Available real estate inventory skyrockets again this week
Mike Simonsen
CEO Founder | Real-time real estate data for the people who need it
Available inventory of homes for sale in the US jumped 6.2% this week to 444,000 single family homes active, unsold on the market. Buyers have cooled way off just as we reach the peak of the summer season.
Even though we added 25,000 more homes this week, the market is still 50-70% fewer than normal for this time of year. It was just 2019 we had nearly 1 million homes on the market at the end of June.
The question is how quickly can we get back to those old "normal" levels? If we look at each week's inventory change over time and forecast those change through the end of the year, we can see how we'll likely end 2022 with at least 525,000 homes on the market. Those are big year over year gains, and likely to have year over year gains in 2023 as well. With the right combination of variables could we have 1 million homes on the market next year?

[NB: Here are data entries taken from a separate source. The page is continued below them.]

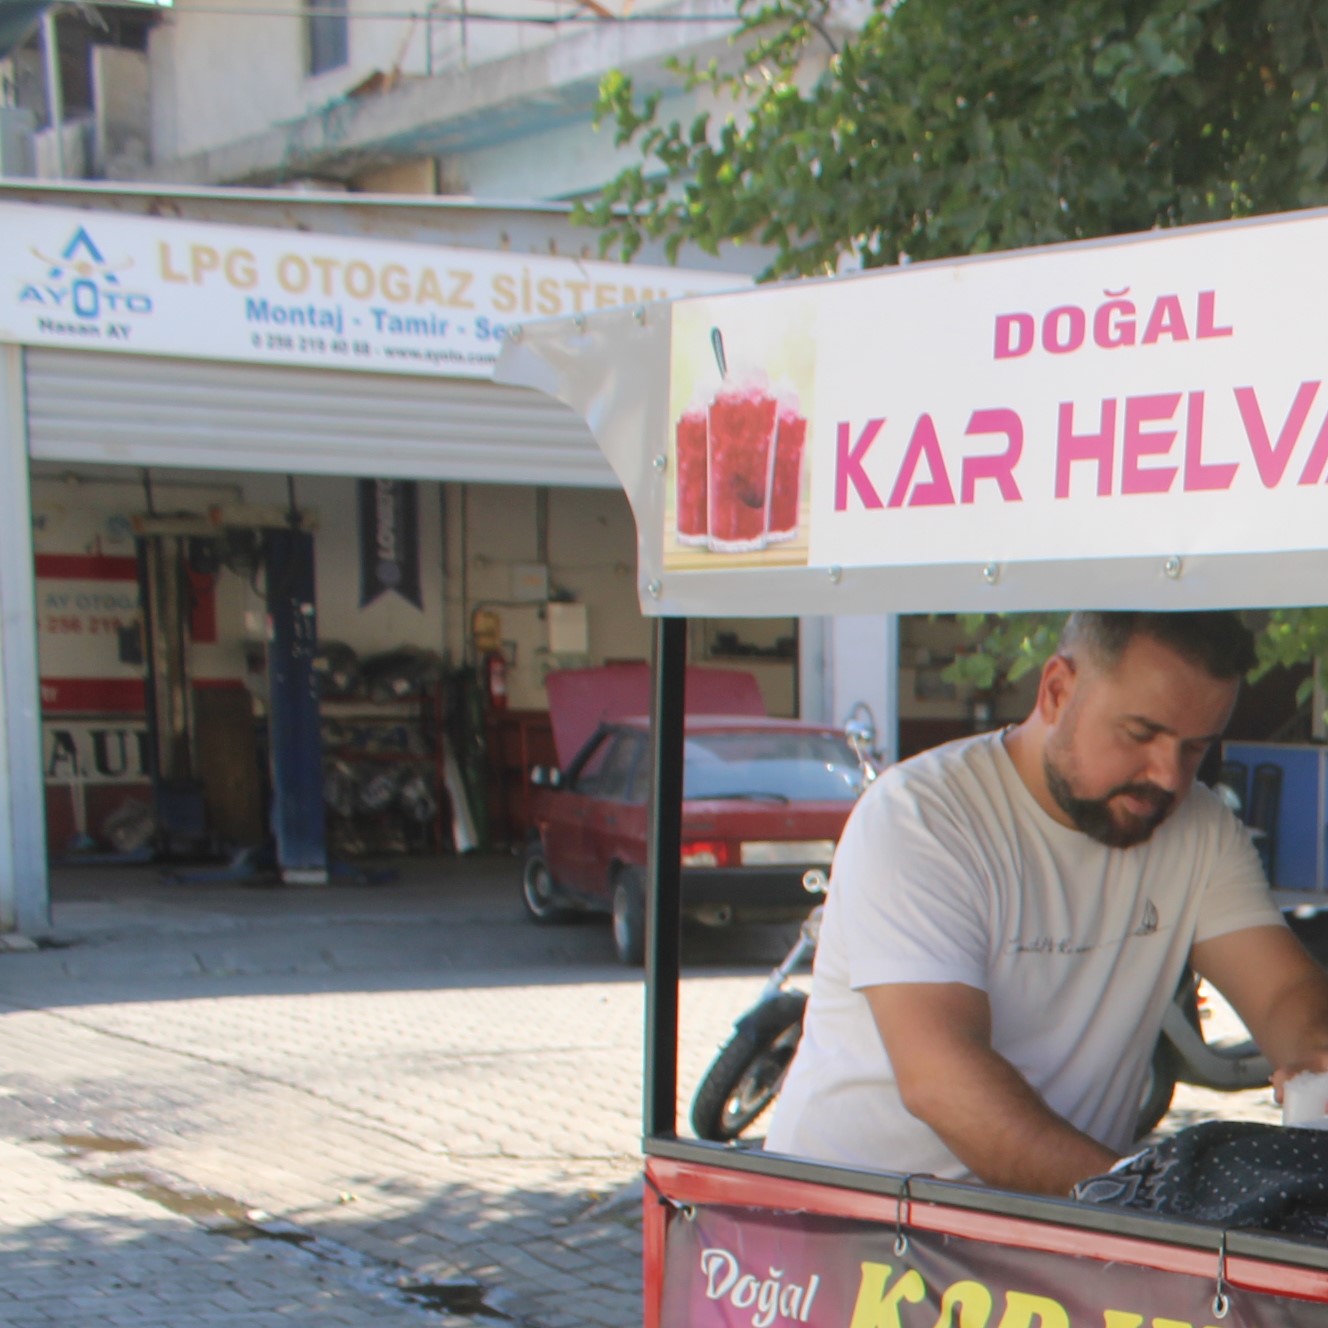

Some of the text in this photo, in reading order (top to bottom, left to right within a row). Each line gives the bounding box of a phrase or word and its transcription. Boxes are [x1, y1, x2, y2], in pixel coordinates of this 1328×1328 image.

[18, 279, 153, 319] AYOTO
[156, 240, 260, 293] LPG
[276, 253, 475, 311] OTOGAZ
[245, 297, 343, 334] Montaj
[370, 307, 449, 337] Tamir
[993, 286, 1234, 361] DOĞAL
[833, 408, 1024, 512] KAR
[700, 1247, 819, 1328] Doğal

I suspect that it'll take multiple years of higher interest rates, or a big recession to force that many sellers any time soon.
Meanwhile home prices ticked down this week for the first time since January. The median price of single family homes in the US is $453,800 for the week of June 27 2022.
The price of the (leading indicator) newly listed cohort is also down to $419,900. This tells us that we have no more price appreciation this summer. We'll be watching these trends to see if prices fall faster than seasonal expectations in Q3. So far, prices have been sticky even as demand is backing way off.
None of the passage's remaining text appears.